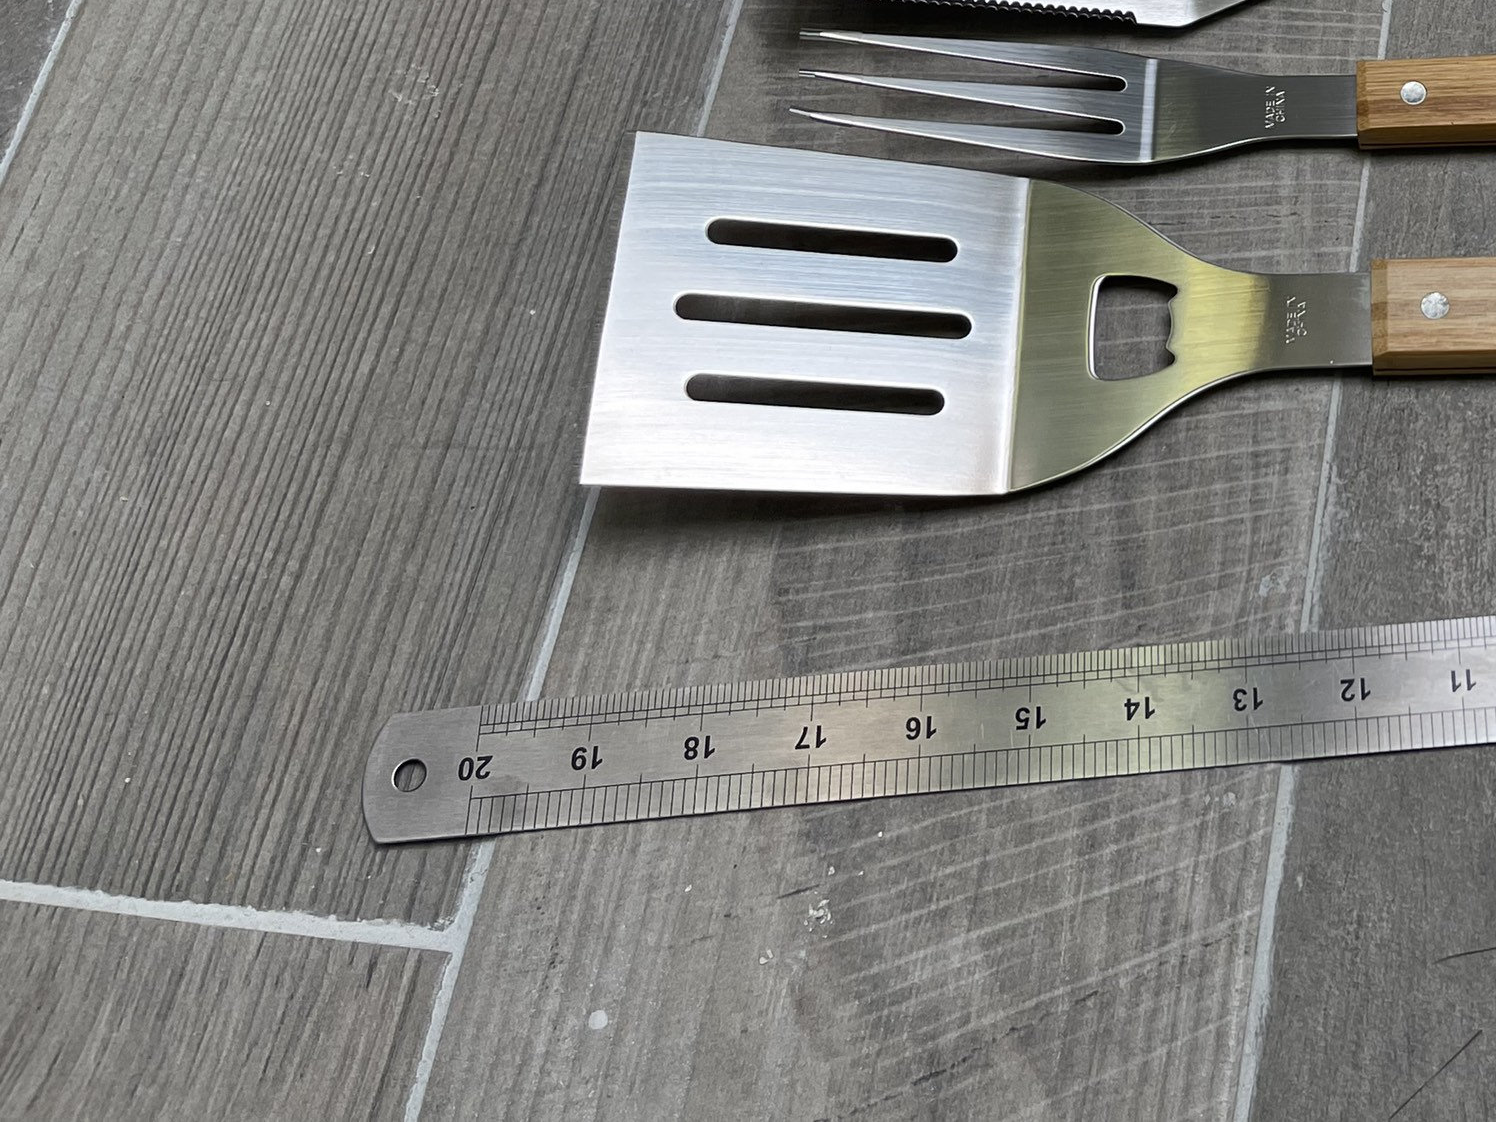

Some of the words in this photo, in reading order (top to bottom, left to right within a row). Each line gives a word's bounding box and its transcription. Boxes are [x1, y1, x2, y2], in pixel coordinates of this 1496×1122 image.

[1340, 677, 1371, 702] 12
[1449, 668, 1477, 692] 11
[1124, 696, 1156, 721] 14
[1232, 687, 1263, 711] 13
[905, 715, 937, 740] 16
[1015, 706, 1047, 731] 15
[684, 735, 716, 760] 18
[795, 725, 827, 750] 17
[458, 755, 492, 781] 20
[571, 745, 603, 770] 19
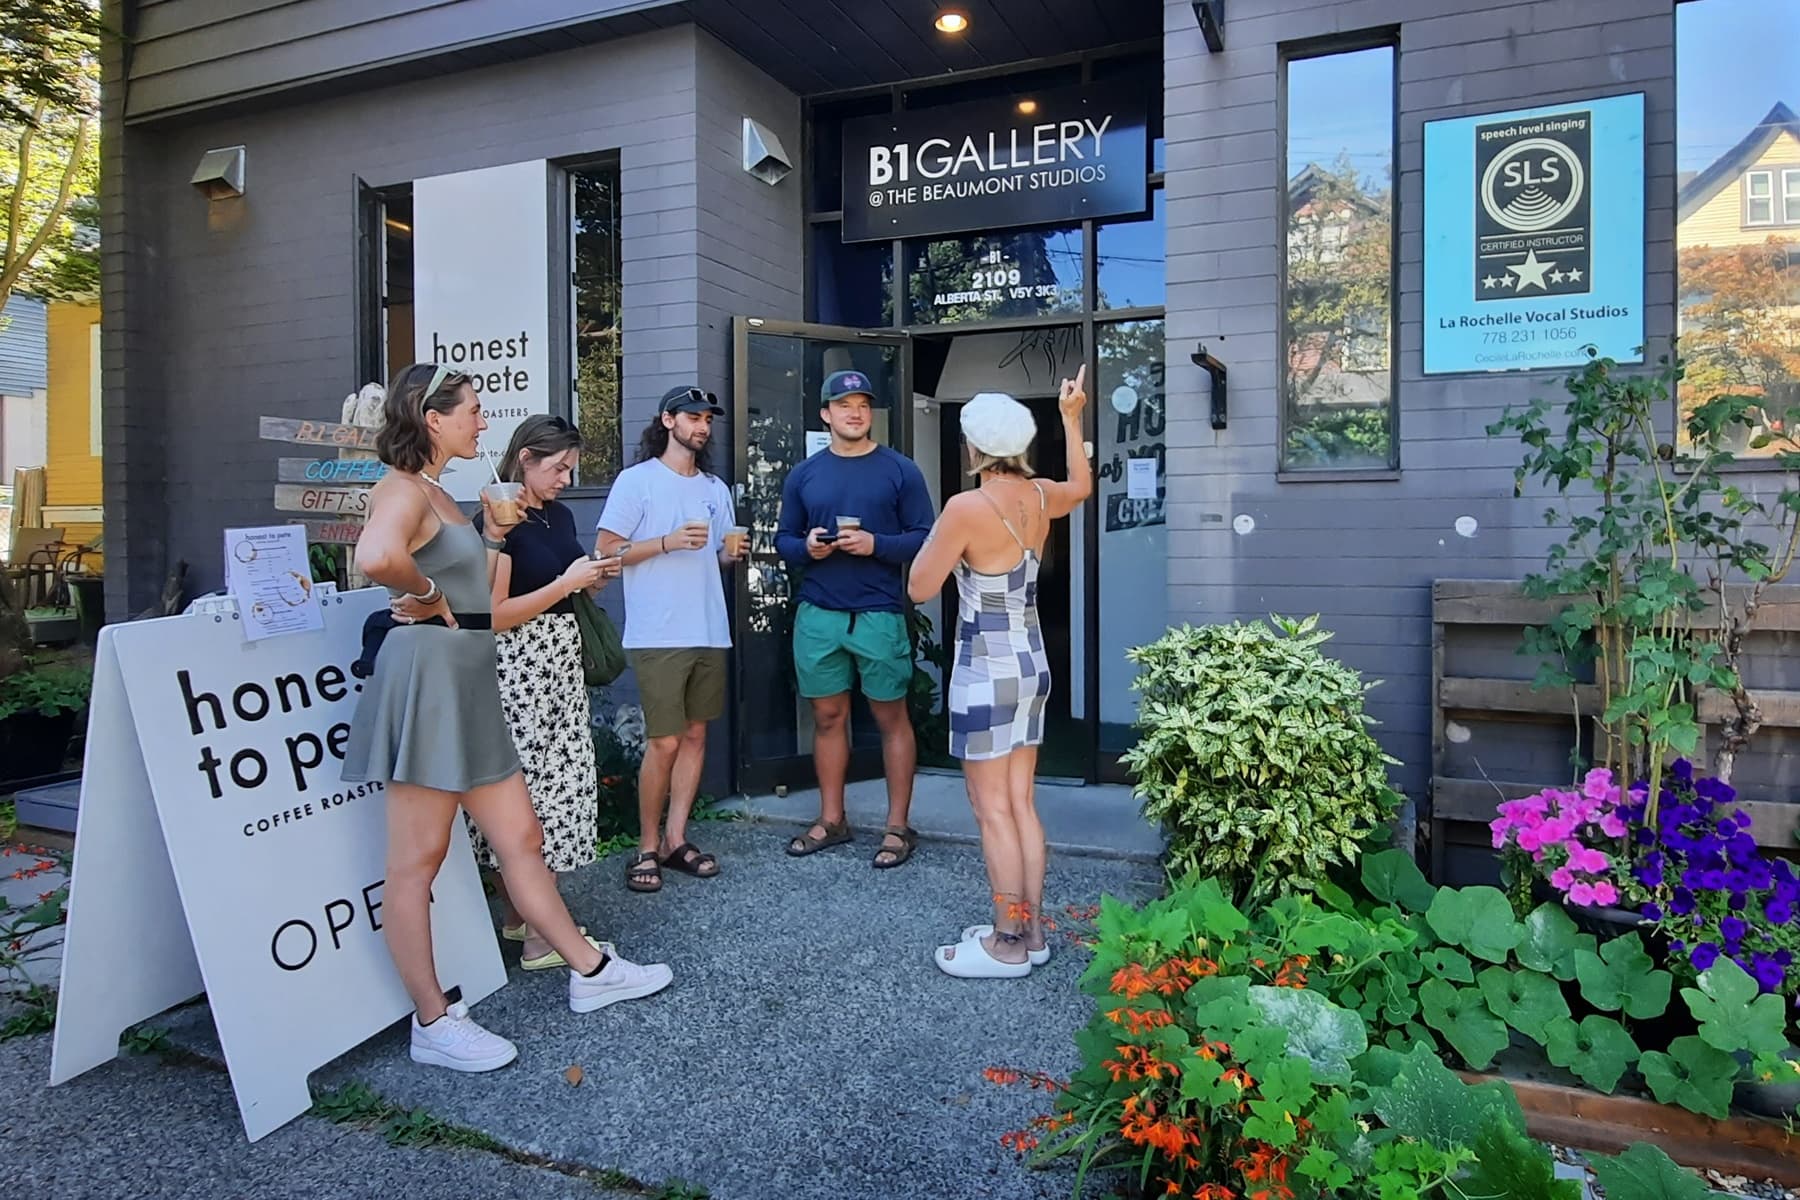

------------------------

**Task item**
The records above are to be repeated word for word, with the pictures omitted.

**Solution to this problem**
Some of the words in this photo, in reading order (top to bottom, left to right within a row). Each line gives a word's bounding box and its transcription. Boxes are [x1, y1, x2, y2], in pixel coordinates of this 1496×1122 image.

[1340, 677, 1371, 702] 12
[1449, 668, 1477, 692] 11
[1124, 696, 1156, 721] 14
[1232, 687, 1263, 711] 13
[905, 715, 937, 740] 16
[1015, 706, 1047, 731] 15
[684, 735, 716, 760] 18
[795, 725, 827, 750] 17
[458, 755, 492, 781] 20
[571, 745, 603, 770] 19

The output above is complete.